Another difficulty encountered with in vivo DLS measurements is the momentary increases or decreases in the instantaneous counts in a given sample (or group) bin. These abnormal events lead to distortion of the measured correlation function. None of the existing correlator designs can filter these events in real time and at the fastest sampling frequency. Some techniques have implemented exclusion of abnormal counts by first detecting these events and then enabling electronic shutters to exclude these counts from being used in the accumulation of the correlation channels. However, these mitigatory techniques are necessarily several orders of magnitude slower than the fastest sampling rates of the correlator and not very effective. The present invention provides an electronic circuitry for abnormal event detection and exclusion of the momentary events from being a part of the correlation function at the fastest sampling rate, for example 25 ns, with no latency. Operation of the circuit is described below.

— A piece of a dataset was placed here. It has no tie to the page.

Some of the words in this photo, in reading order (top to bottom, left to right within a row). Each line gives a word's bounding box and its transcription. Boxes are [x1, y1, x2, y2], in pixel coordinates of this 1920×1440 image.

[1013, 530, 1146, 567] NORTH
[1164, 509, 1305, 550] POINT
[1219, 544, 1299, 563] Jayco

FIG. 10 is a schematic of the FPGA-based digital autocorrelator 122 of FIG. 9. Asynchronous voltage pulses 127, corresponding to the backward scattered signal, typically have a nominal width of 20 ns and count rate in the range of 100 counts per second to 10 million counts per second. A synchronizer 128 derandomizes the arrival of the pulses within the sampling time and synchronizes the said pulses with the system clock 129. For access to fast moving scatterers, such as, lens proteins, and similar small molecules, the system clock should have frequency in the range 100 MHz, to 500 MHz. The sampling block 130 generates the delay time vector [τ] 131 defining the delay time increments at which the autocorrelation function is computed. For example, a delay time increments in the range from 25 ns to 1 s, using logarithmically spaced delay increments.

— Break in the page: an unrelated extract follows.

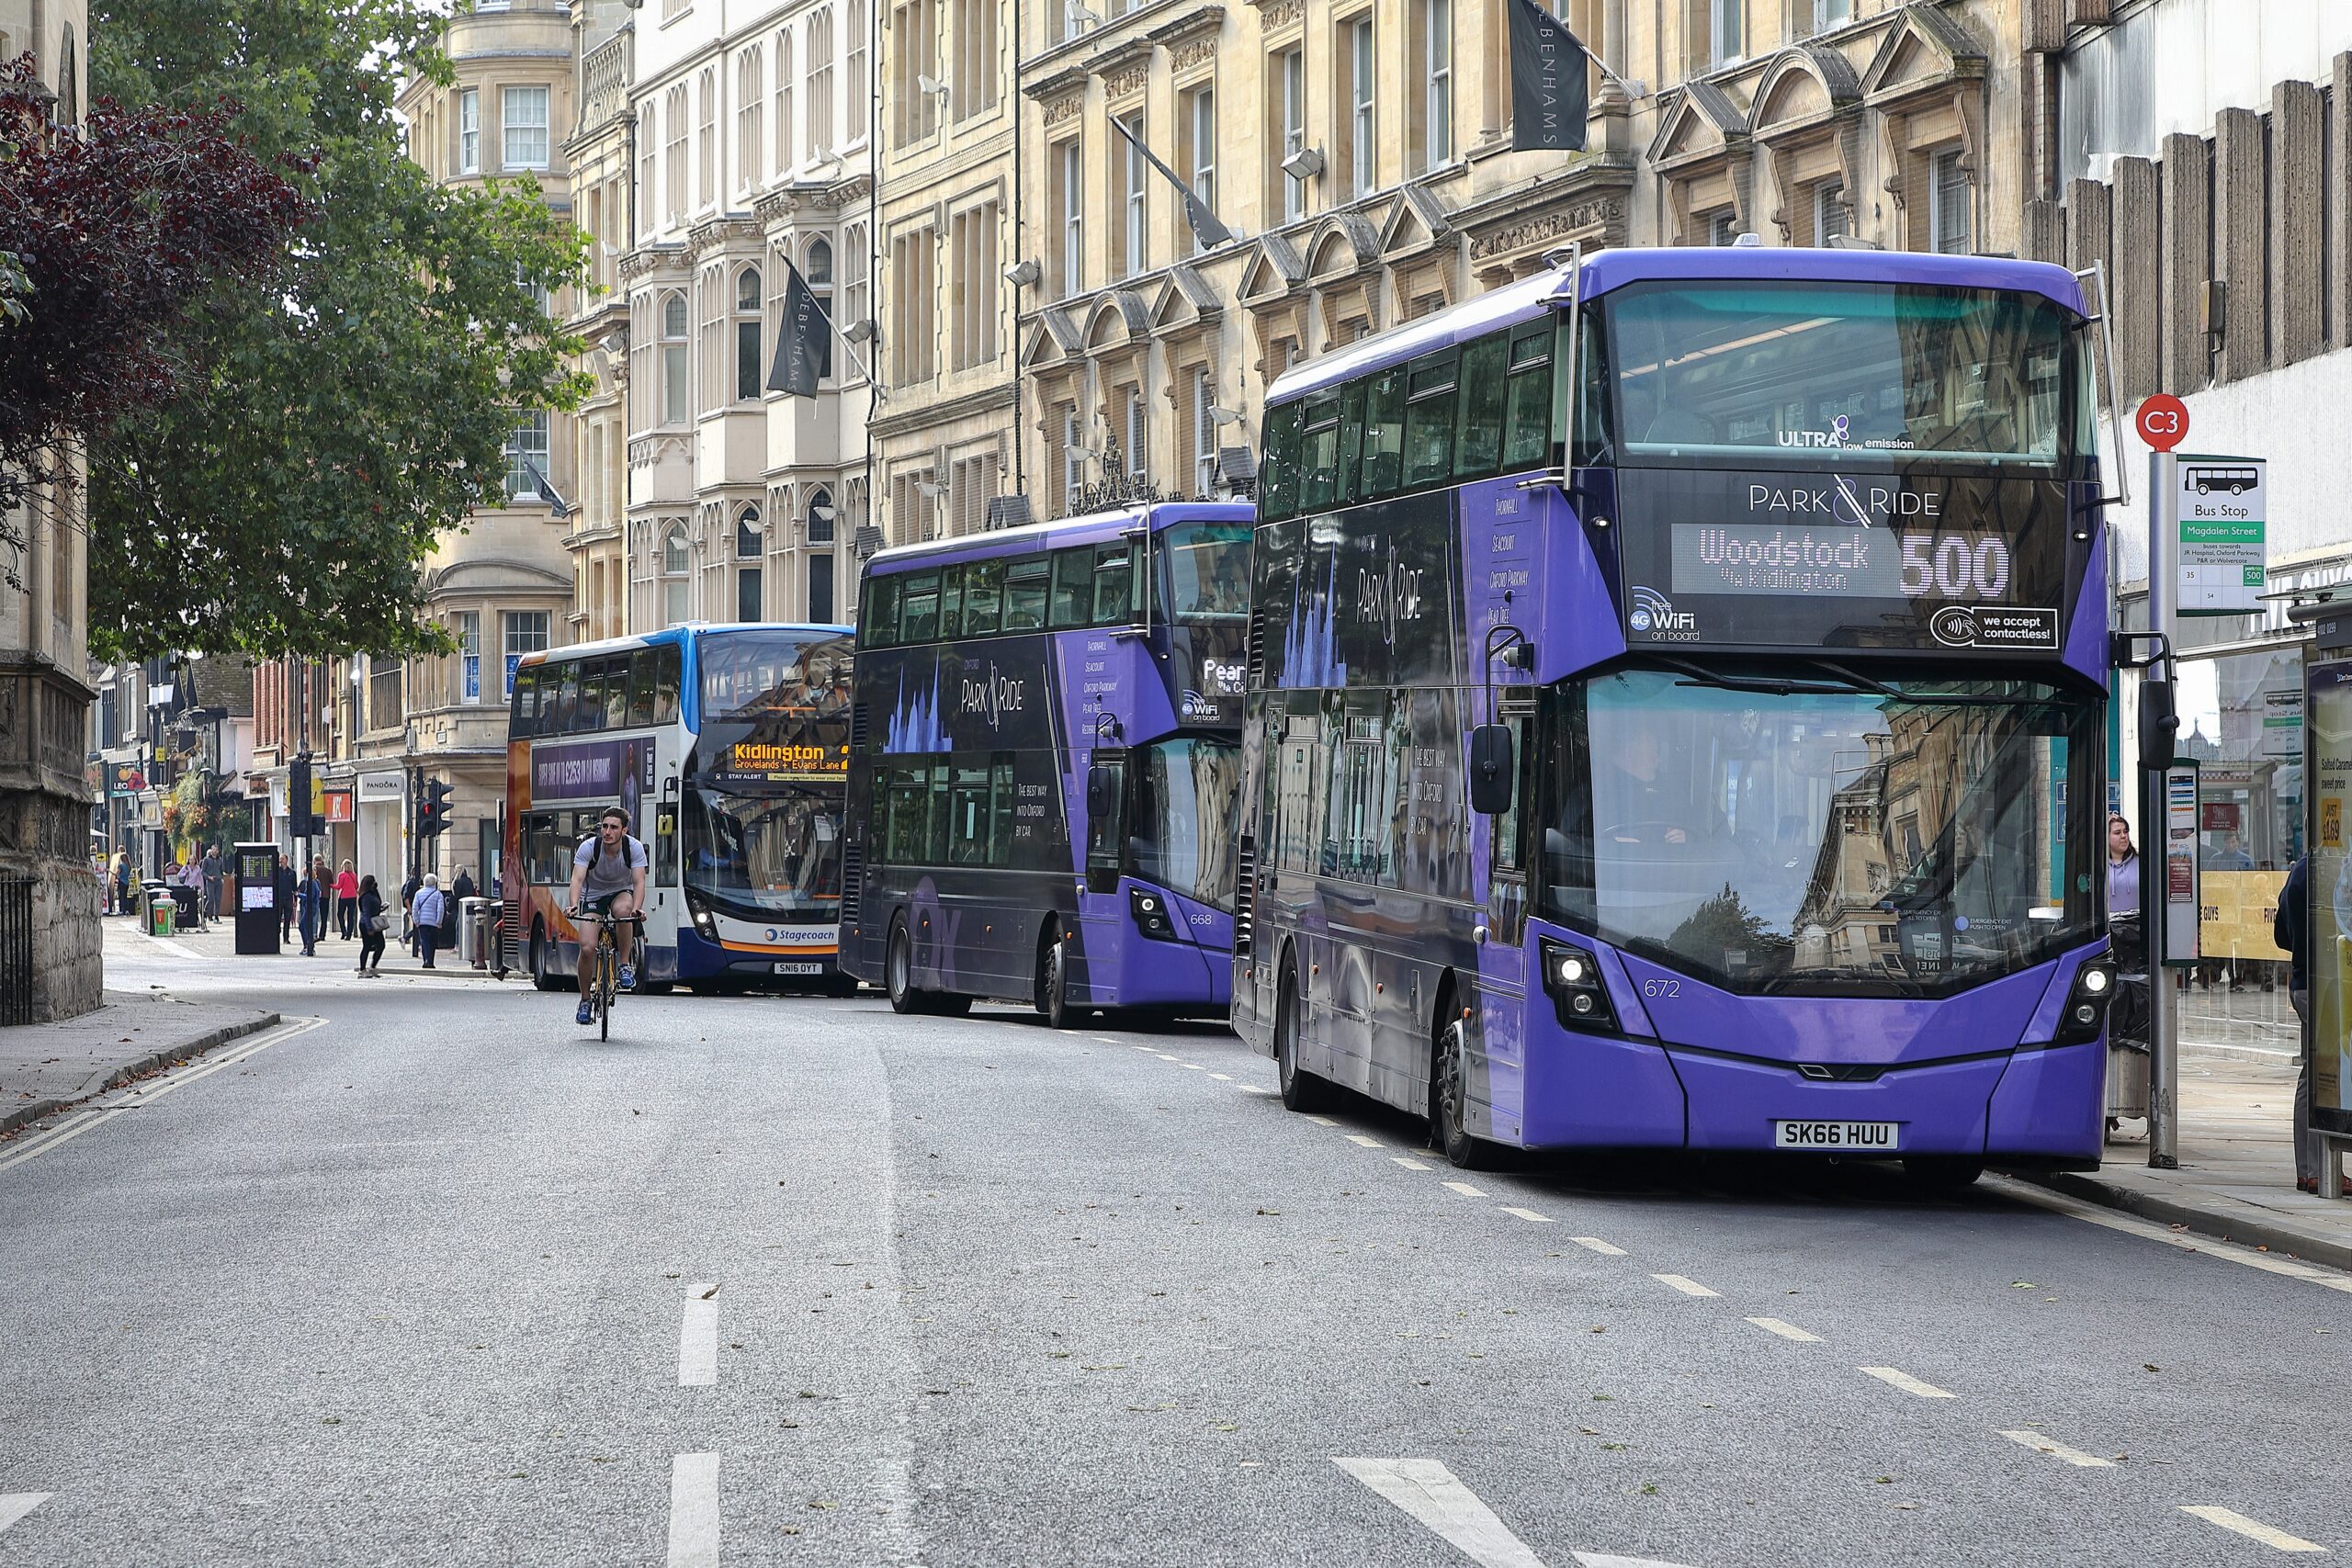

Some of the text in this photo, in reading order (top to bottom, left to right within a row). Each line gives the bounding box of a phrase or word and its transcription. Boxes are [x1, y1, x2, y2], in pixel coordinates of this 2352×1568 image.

Continuing with reference to FIG. 10, the synchronized pulses 132 are fed into a counter 133, with depth determined by the fastest sampling time and the maximum count rate of the asynchronous voltage pulses 127. The counter 133 is sampled and its contents transferred to the latch 134 at the rising edge of a sampling clock 135, provided the nvalid flag 136 is HIGH, otherwise the counter content is overwritten during the next sampling interval. A divider 137 generates the sampling clock 135. The abnormal count sensor and discriminator 138 generates the nvalid flag 136 by sampling the logic states of the counter bits. Operation of the abnormal count sensor and discriminator 138 is discussed below with reference to FIG. 12 and FIG. 13. Counter value falling outside the specified range nm in to nmax, during each sampling period, are rejected by the abnormal count sensor and discriminator 138, leading to a distortion free measurement of the autocorrelation of the backward scattered signal.

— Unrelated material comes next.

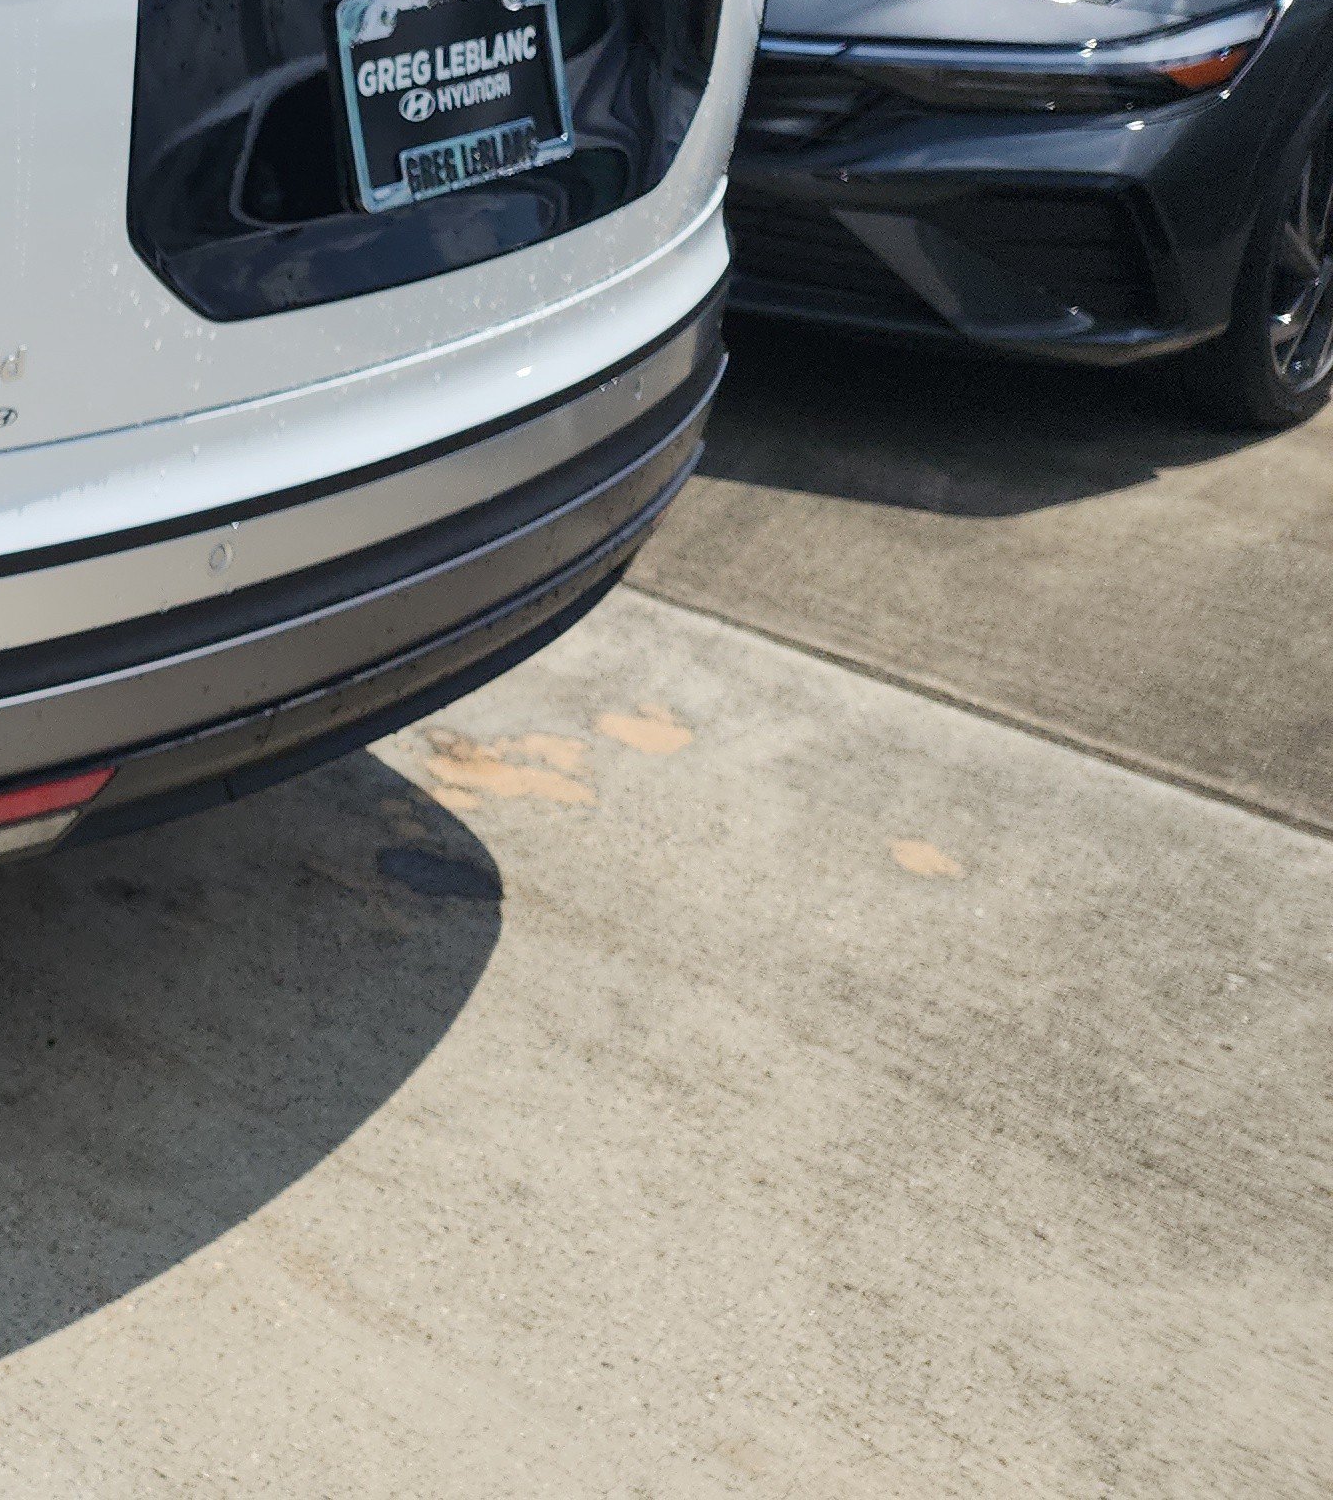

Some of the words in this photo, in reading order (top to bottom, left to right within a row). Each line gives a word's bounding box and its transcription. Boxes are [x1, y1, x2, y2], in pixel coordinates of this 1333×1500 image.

[358, 49, 432, 98] GREG
[435, 25, 537, 81] LEBLANC
[436, 71, 512, 113] HYUNDAI

After an initial set-up time equal to the maximum delay increment, all delay registers in the delay block 131 contains valid counts corresponding to nm. These register values are updated at the sampling clock rate. At the rising edge of each sample clock the counts in the delay registers are shifted into the multiplier/accumulator blocks 139 which compute the correlation function, according to the definition of Equation 1 for all delay increments M. These accumulations will continue until the end of the measurement signal (not shown), is received. A separate counter 140 accumulates the total counts ntotal 141 and another counter 142, in combination with the AND gate 143 accumulates the total number of valid samples Ns 144 used in the accumulation of the autocorrelation vector [G] 145.


Several data inversion methods for extracting physical information from the scattering system are in use. Invariably, all data inversion algorithms run on computers to extract the relevant information from the measured second order autocorrelation function. There exists a need for autonomous DLS systems with integrated hardware for direct inversion of the measured autocorrelation function. FIG. 11 shows a hardware implementation of a modified method for extracting the lens crystallin index (LCX) from the measured autocorrelation function described by Equation 1. The data extraction procedure requires evaluation of products and summations as indicated in Equation 11 and Equation 12. The un-normalized correlation data vector [G] 146, total counts mow 141 and total samples Ns 144 are processed by the data normalization block 147 to generate the normalized first order electric field autocorrelation vector [b] 148. The FPGA products and summations block 149 evaluates the various summation needed, given in Equation 11 and Equation 12. The intermediate computation data vectors [q] [S] 150 are passed to the FPGA computation block 151 which computes output parameter vector [P] 152 by evaluating Equation 9 and Equation 10. One of the vector components of [P] is the mean value of the lens crystallin index (LCX_1) 153. The [P] vector is archived to the storage device 126 of FIG. 9, and the parameters β, LCX_1 and LCX_2 values are displayed on the interactive display 125 of FIG. 9.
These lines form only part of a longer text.